#### [Work to be completed]
Collect all lines containing the word "SWORD" from the data.

[Opening Extracted data section]

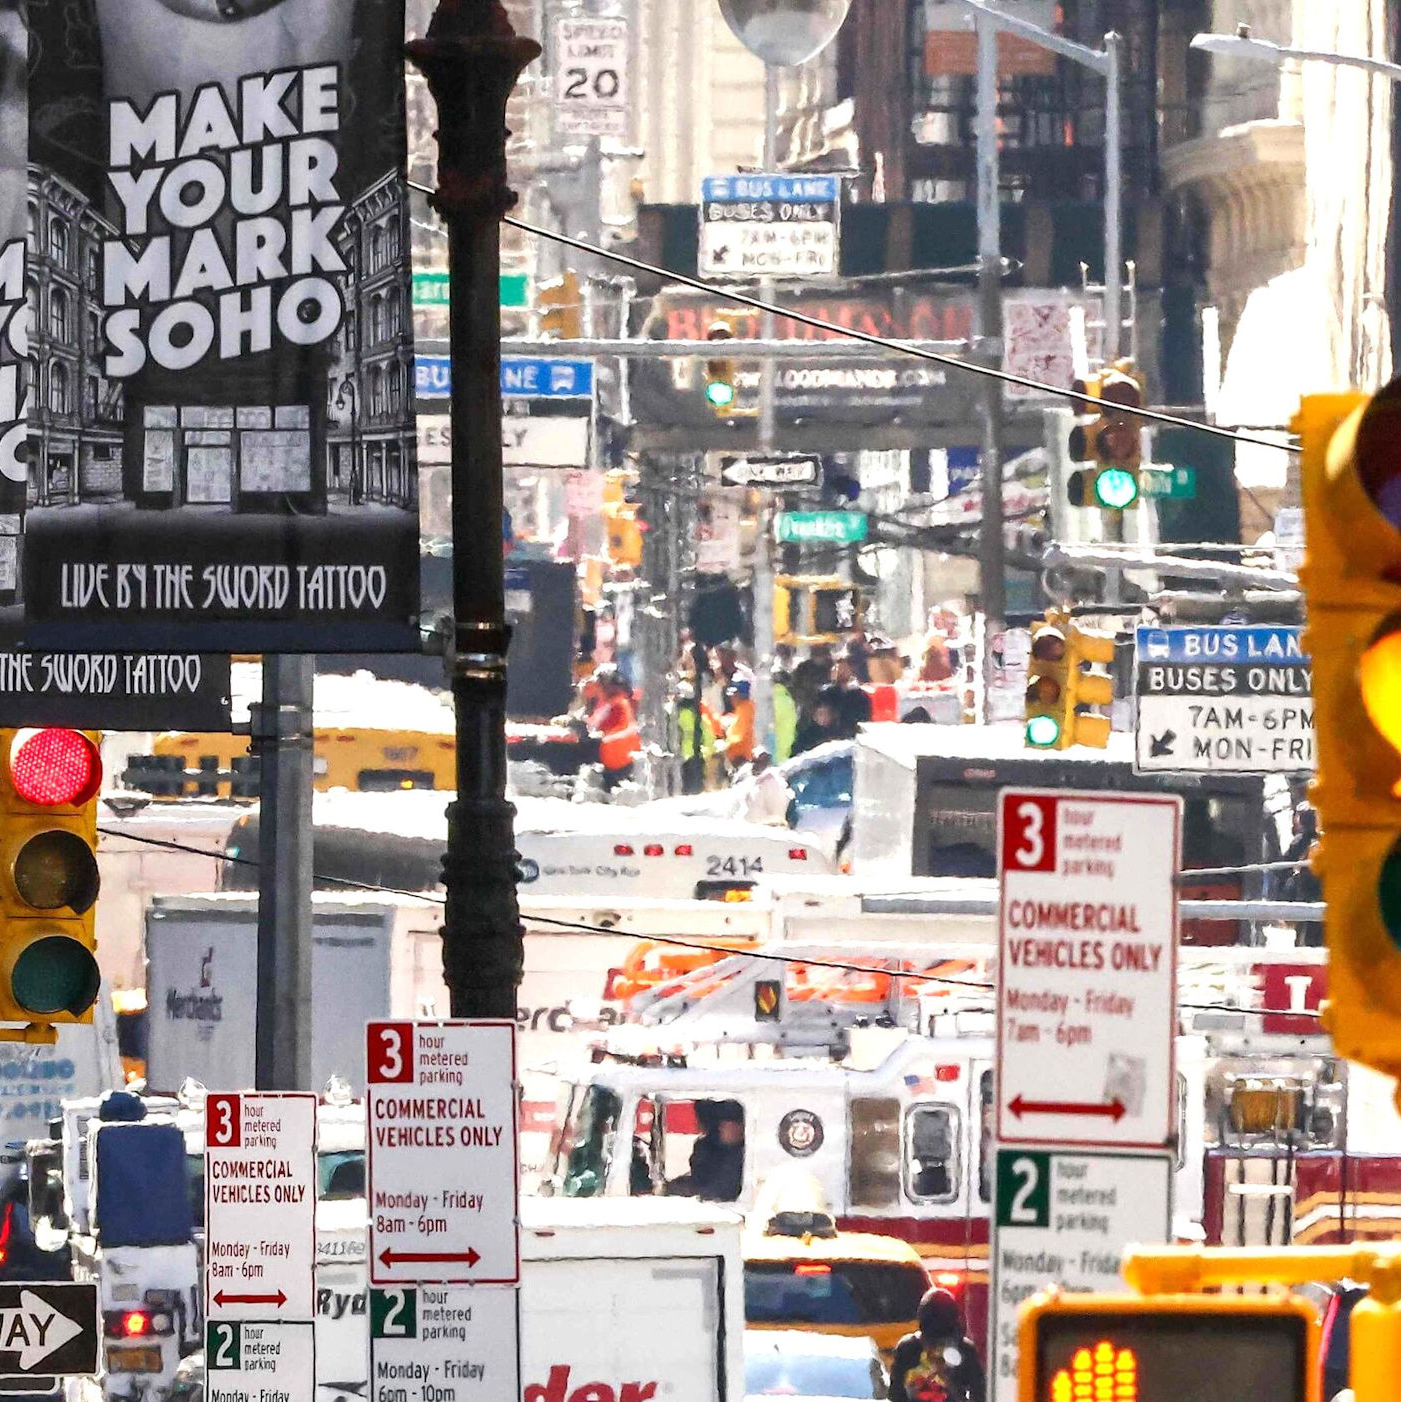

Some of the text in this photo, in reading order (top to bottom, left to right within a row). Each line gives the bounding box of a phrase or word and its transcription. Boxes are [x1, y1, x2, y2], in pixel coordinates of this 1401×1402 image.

[565, 68, 618, 98] 20
[109, 64, 339, 169] MAKE
[109, 139, 338, 236] YOUR
[736, 178, 773, 198] BUS
[103, 203, 347, 306] MARK
[104, 278, 342, 378] SOHO
[416, 365, 449, 388] BU
[61, 562, 386, 610] LIVE BY THE SWORD TATTOO
[1184, 633, 1302, 657] BUS LAN
[0, 652, 35, 692] THE
[40, 653, 117, 693] SWORD
[125, 654, 201, 694] TATTOO
[1149, 667, 1313, 692] BUSES ONLY
[1188, 705, 1315, 731] 7AM-6PM
[1194, 737, 1312, 760] MON-FRI
[1015, 800, 1045, 868] 3
[706, 854, 764, 876] 2414
[1008, 900, 1142, 934] COMMERCIAL
[1008, 940, 1162, 971] VEHICLES ONLY
[1007, 988, 1069, 1016] Monday
[419, 1034, 445, 1049] hour
[379, 1029, 404, 1079] 3
[419, 1051, 468, 1067] metered
[419, 1069, 463, 1086] parking
[244, 1104, 265, 1117] hour
[375, 1099, 485, 1120] COMMERCIAL
[216, 1100, 234, 1144] 3
[244, 1119, 282, 1133] metered
[244, 1135, 277, 1150] parking
[375, 1126, 503, 1148] VEHICLES ONLY
[212, 1160, 293, 1180] COMMERCIAL
[212, 1184, 306, 1204] VEHICLES ONLY
[1009, 1157, 1039, 1223] 2
[376, 1191, 484, 1212] Monday Friday
[376, 1216, 448, 1236] 8am 6pm
[211, 1240, 290, 1259] Monday Friday
[212, 1262, 263, 1280] 8am 6pm
[317, 1288, 367, 1320] Ryd
[422, 1290, 448, 1304] hour
[383, 1289, 407, 1335] 2
[422, 1306, 471, 1322] metered
[244, 1326, 265, 1341] hour
[422, 1325, 466, 1342] parking
[216, 1324, 234, 1367] 2
[244, 1342, 281, 1356] metered
[244, 1358, 276, 1373] parking
[378, 1360, 485, 1381] Monday Friday

[Closing Extracted data section]

#### [Solution to this problem]
[61, 562, 386, 610] LIVE BY THE SWORD TATTOO
[40, 653, 117, 693] SWORD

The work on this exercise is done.